▸ **Task statement**:
Every record that follows must be given again exactly.

Stored entries:
- - - - - - -

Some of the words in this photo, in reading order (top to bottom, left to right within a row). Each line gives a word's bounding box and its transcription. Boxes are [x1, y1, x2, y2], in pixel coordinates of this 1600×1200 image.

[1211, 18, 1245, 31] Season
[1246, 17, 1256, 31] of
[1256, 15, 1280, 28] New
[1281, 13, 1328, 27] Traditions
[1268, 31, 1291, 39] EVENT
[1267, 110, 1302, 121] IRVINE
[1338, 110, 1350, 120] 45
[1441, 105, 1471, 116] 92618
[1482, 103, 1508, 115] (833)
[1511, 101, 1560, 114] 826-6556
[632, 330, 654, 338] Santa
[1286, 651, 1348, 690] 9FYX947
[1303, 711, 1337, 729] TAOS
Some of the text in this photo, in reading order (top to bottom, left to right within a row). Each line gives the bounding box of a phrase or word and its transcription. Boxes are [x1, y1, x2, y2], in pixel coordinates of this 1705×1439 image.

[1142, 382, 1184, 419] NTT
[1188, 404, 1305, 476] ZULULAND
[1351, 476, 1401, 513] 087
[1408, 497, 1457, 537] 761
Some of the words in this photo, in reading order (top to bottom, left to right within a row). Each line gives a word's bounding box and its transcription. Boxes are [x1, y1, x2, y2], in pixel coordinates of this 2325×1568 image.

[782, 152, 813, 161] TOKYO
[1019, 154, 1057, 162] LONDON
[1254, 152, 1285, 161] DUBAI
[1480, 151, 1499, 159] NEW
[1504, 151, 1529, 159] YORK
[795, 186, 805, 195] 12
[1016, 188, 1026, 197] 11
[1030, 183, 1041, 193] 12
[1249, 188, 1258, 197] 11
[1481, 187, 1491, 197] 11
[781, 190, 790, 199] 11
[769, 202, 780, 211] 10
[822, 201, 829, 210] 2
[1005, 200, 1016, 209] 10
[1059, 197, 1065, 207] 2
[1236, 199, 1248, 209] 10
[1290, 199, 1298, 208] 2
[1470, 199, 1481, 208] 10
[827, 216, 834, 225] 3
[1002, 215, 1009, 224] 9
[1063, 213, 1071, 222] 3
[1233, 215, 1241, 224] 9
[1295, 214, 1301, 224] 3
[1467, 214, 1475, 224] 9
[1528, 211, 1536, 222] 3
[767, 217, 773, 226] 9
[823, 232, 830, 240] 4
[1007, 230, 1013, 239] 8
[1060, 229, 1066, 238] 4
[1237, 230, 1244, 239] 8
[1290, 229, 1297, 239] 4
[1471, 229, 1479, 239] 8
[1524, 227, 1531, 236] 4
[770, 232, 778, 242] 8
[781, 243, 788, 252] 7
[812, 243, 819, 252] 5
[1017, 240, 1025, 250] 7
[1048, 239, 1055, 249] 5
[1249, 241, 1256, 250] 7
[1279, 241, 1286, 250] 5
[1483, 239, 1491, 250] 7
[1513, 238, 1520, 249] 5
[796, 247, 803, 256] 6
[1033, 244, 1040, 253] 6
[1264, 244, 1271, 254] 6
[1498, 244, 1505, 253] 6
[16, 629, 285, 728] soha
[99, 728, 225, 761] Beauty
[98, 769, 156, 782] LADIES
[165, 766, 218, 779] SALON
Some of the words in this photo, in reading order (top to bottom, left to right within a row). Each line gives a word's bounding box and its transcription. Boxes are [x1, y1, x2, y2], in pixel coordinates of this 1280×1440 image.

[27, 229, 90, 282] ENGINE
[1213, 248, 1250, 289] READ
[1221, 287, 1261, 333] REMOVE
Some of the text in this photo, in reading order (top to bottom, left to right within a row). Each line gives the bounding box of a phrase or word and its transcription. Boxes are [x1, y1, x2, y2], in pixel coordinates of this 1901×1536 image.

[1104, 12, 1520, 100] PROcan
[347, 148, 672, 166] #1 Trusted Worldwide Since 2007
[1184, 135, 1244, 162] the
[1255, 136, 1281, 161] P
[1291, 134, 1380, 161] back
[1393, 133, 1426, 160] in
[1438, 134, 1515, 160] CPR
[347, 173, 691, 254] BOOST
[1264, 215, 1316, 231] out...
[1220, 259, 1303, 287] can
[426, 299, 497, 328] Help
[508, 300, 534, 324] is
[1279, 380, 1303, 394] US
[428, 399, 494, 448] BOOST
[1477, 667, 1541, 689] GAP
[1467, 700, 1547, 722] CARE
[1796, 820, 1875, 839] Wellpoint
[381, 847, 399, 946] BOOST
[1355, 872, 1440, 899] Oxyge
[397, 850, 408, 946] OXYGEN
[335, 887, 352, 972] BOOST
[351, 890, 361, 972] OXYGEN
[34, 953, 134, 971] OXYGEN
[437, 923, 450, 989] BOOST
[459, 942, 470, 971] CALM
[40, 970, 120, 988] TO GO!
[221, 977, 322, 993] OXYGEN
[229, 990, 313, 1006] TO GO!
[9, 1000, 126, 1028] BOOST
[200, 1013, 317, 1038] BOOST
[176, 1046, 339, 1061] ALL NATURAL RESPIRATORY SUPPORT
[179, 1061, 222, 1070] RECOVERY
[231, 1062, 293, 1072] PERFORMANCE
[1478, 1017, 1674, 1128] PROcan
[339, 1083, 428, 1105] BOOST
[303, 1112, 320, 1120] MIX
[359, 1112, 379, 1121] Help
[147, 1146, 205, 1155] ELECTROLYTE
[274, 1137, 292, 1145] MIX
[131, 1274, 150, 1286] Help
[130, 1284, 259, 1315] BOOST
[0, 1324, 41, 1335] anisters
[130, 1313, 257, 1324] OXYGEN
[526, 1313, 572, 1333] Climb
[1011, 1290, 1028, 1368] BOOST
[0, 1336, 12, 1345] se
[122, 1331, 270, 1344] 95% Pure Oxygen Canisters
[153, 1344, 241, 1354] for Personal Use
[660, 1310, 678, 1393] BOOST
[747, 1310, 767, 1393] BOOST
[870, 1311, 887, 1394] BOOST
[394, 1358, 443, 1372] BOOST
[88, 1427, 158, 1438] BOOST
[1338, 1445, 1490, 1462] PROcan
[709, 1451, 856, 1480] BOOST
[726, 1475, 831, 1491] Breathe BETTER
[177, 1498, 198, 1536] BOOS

- - - - - - -

▸ **Solution for this exercise**:
Some of the words in this photo, in reading order (top to bottom, left to right within a row). Each line gives a word's bounding box and its transcription. Boxes are [x1, y1, x2, y2], in pixel coordinates of this 1600×1200 image.

[1211, 18, 1245, 31] Season
[1246, 17, 1256, 31] of
[1256, 15, 1280, 28] New
[1281, 13, 1328, 27] Traditions
[1268, 31, 1291, 39] EVENT
[1267, 110, 1302, 121] IRVINE
[1338, 110, 1350, 120] 45
[1441, 105, 1471, 116] 92618
[1482, 103, 1508, 115] (833)
[1511, 101, 1560, 114] 826-6556
[632, 330, 654, 338] Santa
[1286, 651, 1348, 690] 9FYX947
[1303, 711, 1337, 729] TAOS
Some of the text in this photo, in reading order (top to bottom, left to right within a row). Each line gives the bounding box of a phrase or word and its transcription. Boxes are [x1, y1, x2, y2], in pixel coordinates of this 1705×1439 image.

[1142, 382, 1184, 419] NTT
[1188, 404, 1305, 476] ZULULAND
[1351, 476, 1401, 513] 087
[1408, 497, 1457, 537] 761
Some of the words in this photo, in reading order (top to bottom, left to right within a row). Each line gives a word's bounding box and its transcription. Boxes are [x1, y1, x2, y2], in pixel coordinates of this 2325×1568 image.

[782, 152, 813, 161] TOKYO
[1019, 154, 1057, 162] LONDON
[1254, 152, 1285, 161] DUBAI
[1480, 151, 1499, 159] NEW
[1504, 151, 1529, 159] YORK
[795, 186, 805, 195] 12
[1016, 188, 1026, 197] 11
[1030, 183, 1041, 193] 12
[1249, 188, 1258, 197] 11
[1481, 187, 1491, 197] 11
[781, 190, 790, 199] 11
[769, 202, 780, 211] 10
[822, 201, 829, 210] 2
[1005, 200, 1016, 209] 10
[1059, 197, 1065, 207] 2
[1236, 199, 1248, 209] 10
[1290, 199, 1298, 208] 2
[1470, 199, 1481, 208] 10
[827, 216, 834, 225] 3
[1002, 215, 1009, 224] 9
[1063, 213, 1071, 222] 3
[1233, 215, 1241, 224] 9
[1295, 214, 1301, 224] 3
[1467, 214, 1475, 224] 9
[1528, 211, 1536, 222] 3
[767, 217, 773, 226] 9
[823, 232, 830, 240] 4
[1007, 230, 1013, 239] 8
[1060, 229, 1066, 238] 4
[1237, 230, 1244, 239] 8
[1290, 229, 1297, 239] 4
[1471, 229, 1479, 239] 8
[1524, 227, 1531, 236] 4
[770, 232, 778, 242] 8
[781, 243, 788, 252] 7
[812, 243, 819, 252] 5
[1017, 240, 1025, 250] 7
[1048, 239, 1055, 249] 5
[1249, 241, 1256, 250] 7
[1279, 241, 1286, 250] 5
[1483, 239, 1491, 250] 7
[1513, 238, 1520, 249] 5
[796, 247, 803, 256] 6
[1033, 244, 1040, 253] 6
[1264, 244, 1271, 254] 6
[1498, 244, 1505, 253] 6
[16, 629, 285, 728] soha
[99, 728, 225, 761] Beauty
[98, 769, 156, 782] LADIES
[165, 766, 218, 779] SALON
Some of the words in this photo, in reading order (top to bottom, left to right within a row). Each line gives a word's bounding box and its transcription. Boxes are [x1, y1, x2, y2], in pixel coordinates of this 1280×1440 image.

[27, 229, 90, 282] ENGINE
[1213, 248, 1250, 289] READ
[1221, 287, 1261, 333] REMOVE
Some of the text in this photo, in reading order (top to bottom, left to right within a row). Each line gives the bounding box of a phrase or word and its transcription. Boxes are [x1, y1, x2, y2], in pixel coordinates of this 1901×1536 image.

[1104, 12, 1520, 100] PROcan
[347, 148, 672, 166] #1 Trusted Worldwide Since 2007
[1184, 135, 1244, 162] the
[1255, 136, 1281, 161] P
[1291, 134, 1380, 161] back
[1393, 133, 1426, 160] in
[1438, 134, 1515, 160] CPR
[347, 173, 691, 254] BOOST
[1264, 215, 1316, 231] out...
[1220, 259, 1303, 287] can
[426, 299, 497, 328] Help
[508, 300, 534, 324] is
[1279, 380, 1303, 394] US
[428, 399, 494, 448] BOOST
[1477, 667, 1541, 689] GAP
[1467, 700, 1547, 722] CARE
[1796, 820, 1875, 839] Wellpoint
[381, 847, 399, 946] BOOST
[1355, 872, 1440, 899] Oxyge
[397, 850, 408, 946] OXYGEN
[335, 887, 352, 972] BOOST
[351, 890, 361, 972] OXYGEN
[34, 953, 134, 971] OXYGEN
[437, 923, 450, 989] BOOST
[459, 942, 470, 971] CALM
[40, 970, 120, 988] TO GO!
[221, 977, 322, 993] OXYGEN
[229, 990, 313, 1006] TO GO!
[9, 1000, 126, 1028] BOOST
[200, 1013, 317, 1038] BOOST
[176, 1046, 339, 1061] ALL NATURAL RESPIRATORY SUPPORT
[179, 1061, 222, 1070] RECOVERY
[231, 1062, 293, 1072] PERFORMANCE
[1478, 1017, 1674, 1128] PROcan
[339, 1083, 428, 1105] BOOST
[303, 1112, 320, 1120] MIX
[359, 1112, 379, 1121] Help
[147, 1146, 205, 1155] ELECTROLYTE
[274, 1137, 292, 1145] MIX
[131, 1274, 150, 1286] Help
[130, 1284, 259, 1315] BOOST
[0, 1324, 41, 1335] anisters
[130, 1313, 257, 1324] OXYGEN
[526, 1313, 572, 1333] Climb
[1011, 1290, 1028, 1368] BOOST
[0, 1336, 12, 1345] se
[122, 1331, 270, 1344] 95% Pure Oxygen Canisters
[153, 1344, 241, 1354] for Personal Use
[660, 1310, 678, 1393] BOOST
[747, 1310, 767, 1393] BOOST
[870, 1311, 887, 1394] BOOST
[394, 1358, 443, 1372] BOOST
[88, 1427, 158, 1438] BOOST
[1338, 1445, 1490, 1462] PROcan
[709, 1451, 856, 1480] BOOST
[726, 1475, 831, 1491] Breathe BETTER
[177, 1498, 198, 1536] BOOS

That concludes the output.